WHAT TO DO: The answer must be a word-for-word copy of the records below, with every picture left out.

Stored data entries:
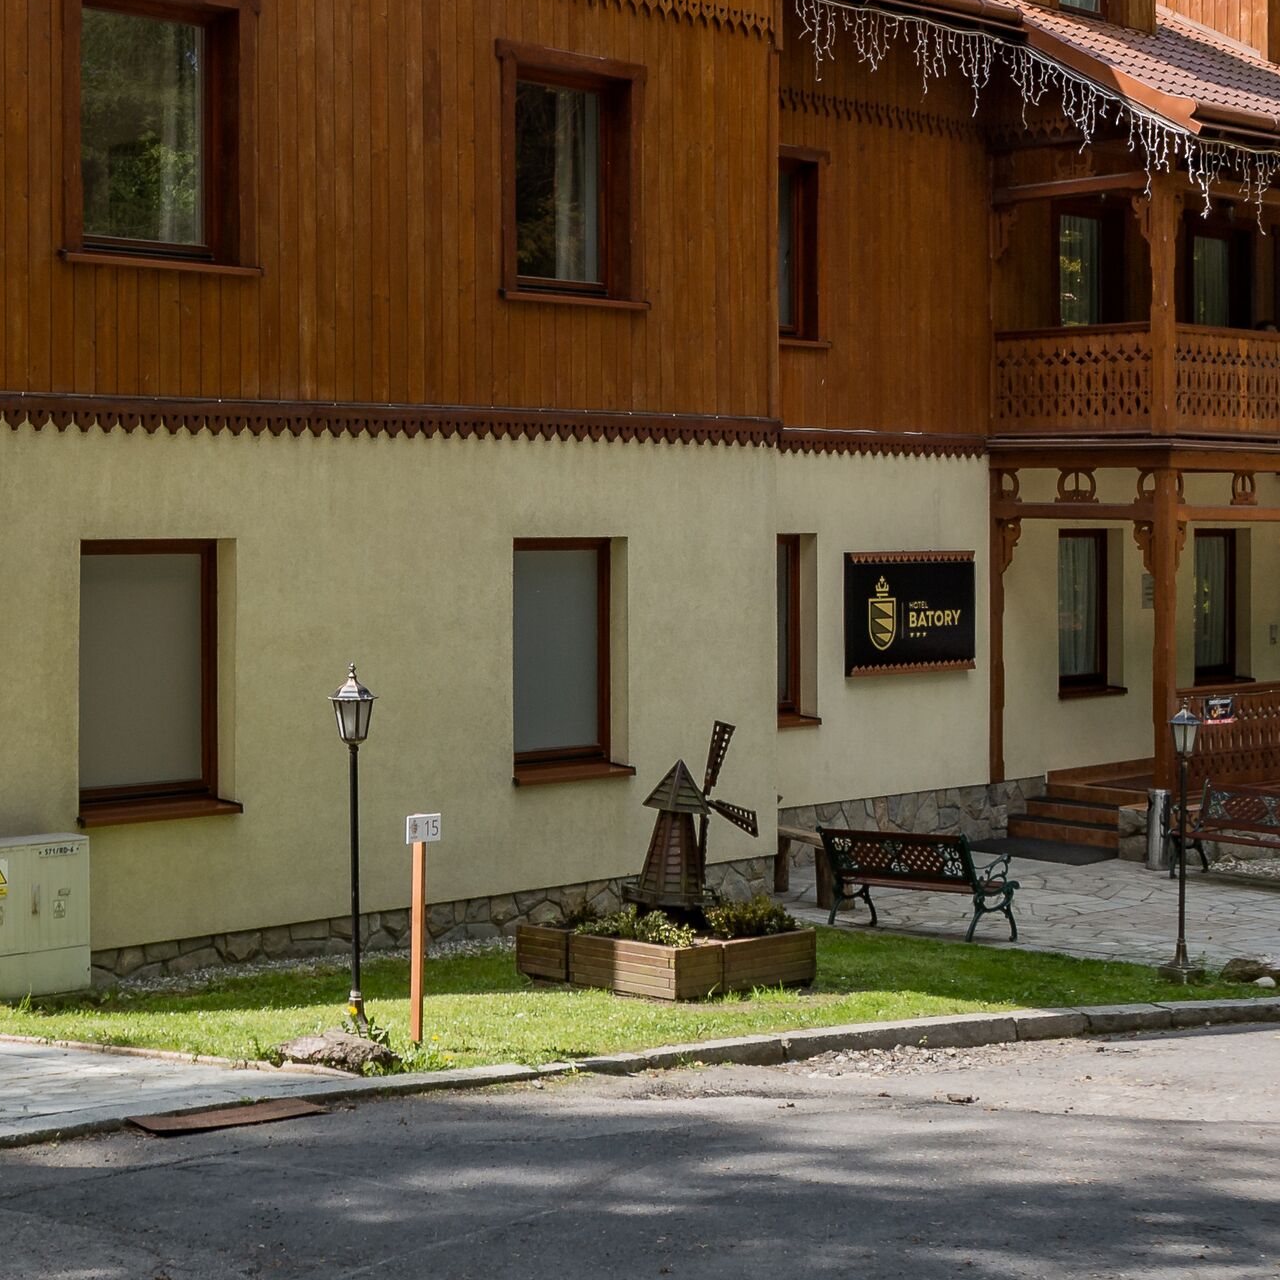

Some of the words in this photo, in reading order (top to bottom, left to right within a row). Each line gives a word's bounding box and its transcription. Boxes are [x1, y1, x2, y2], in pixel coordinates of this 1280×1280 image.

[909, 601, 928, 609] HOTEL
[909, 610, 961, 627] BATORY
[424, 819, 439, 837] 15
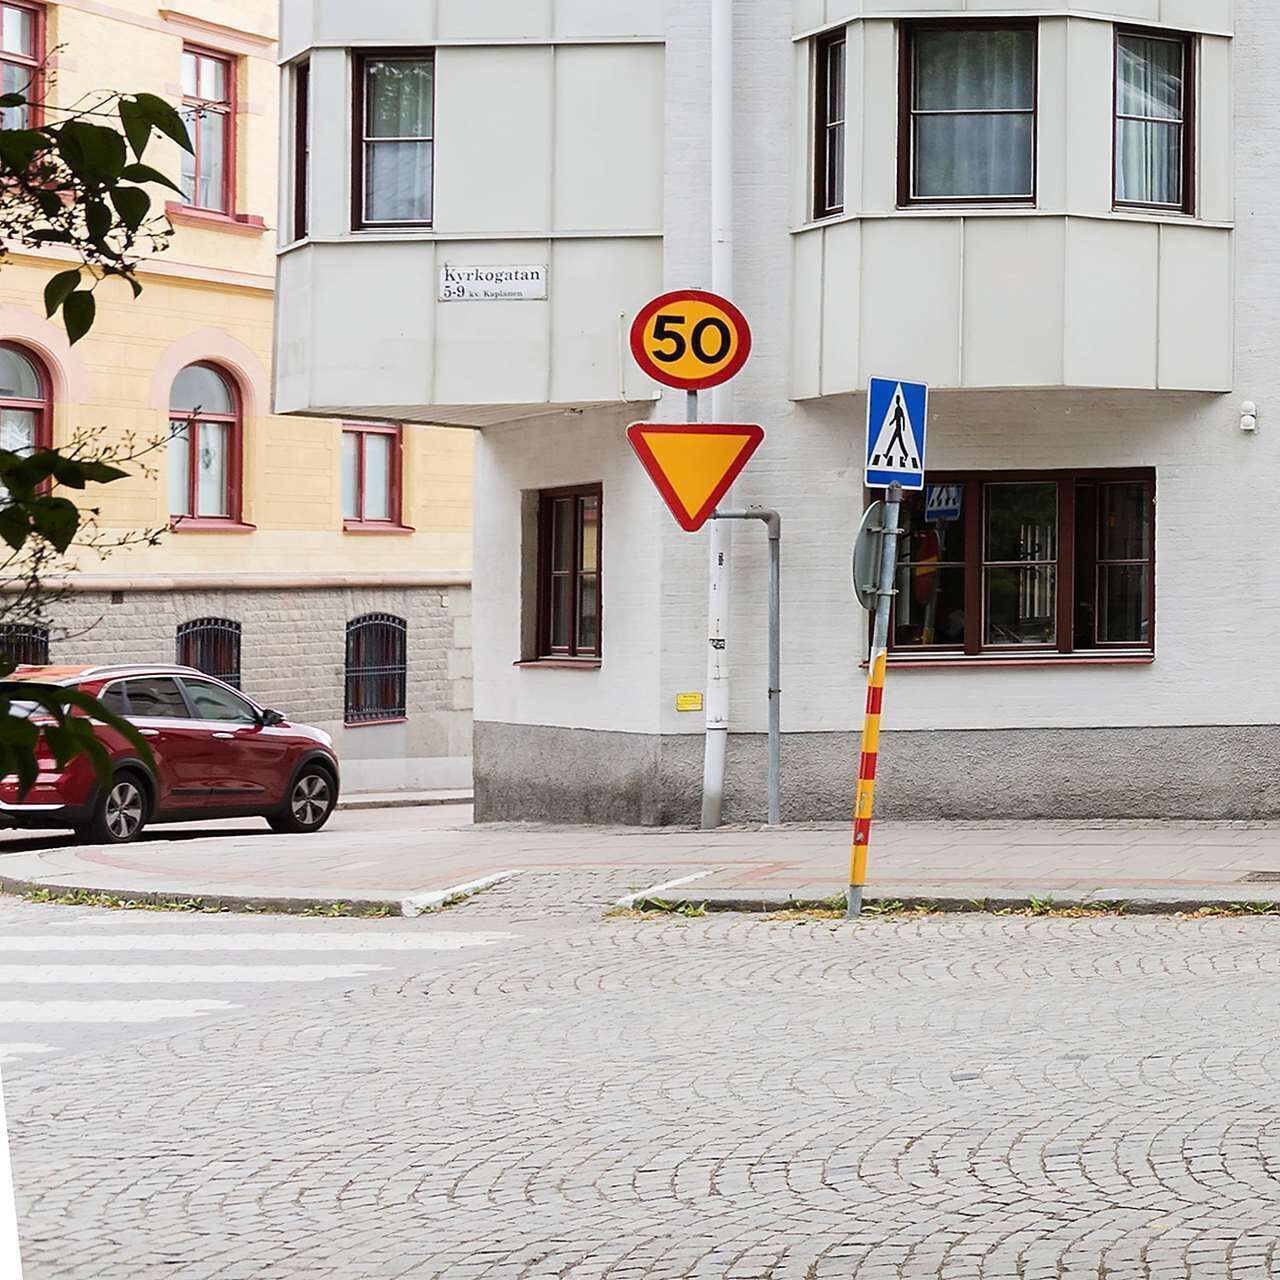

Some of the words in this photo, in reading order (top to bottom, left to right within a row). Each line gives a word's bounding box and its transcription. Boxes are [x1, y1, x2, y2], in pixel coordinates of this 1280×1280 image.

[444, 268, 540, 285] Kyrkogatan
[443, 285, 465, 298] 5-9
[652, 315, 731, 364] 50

RESULT FOR THIS TASK:
Some of the words in this photo, in reading order (top to bottom, left to right within a row). Each line gives a word's bounding box and its transcription. Boxes are [x1, y1, x2, y2], in pixel coordinates of this 1280×1280 image.

[909, 601, 928, 609] HOTEL
[909, 610, 961, 627] BATORY
[424, 819, 439, 837] 15

Some of the words in this photo, in reading order (top to bottom, left to right within a row). Each line gives a word's bounding box and its transcription. Boxes are [x1, y1, x2, y2], in pixel coordinates of this 1280×1280 image.

[444, 268, 540, 285] Kyrkogatan
[443, 285, 465, 298] 5-9
[652, 315, 731, 364] 50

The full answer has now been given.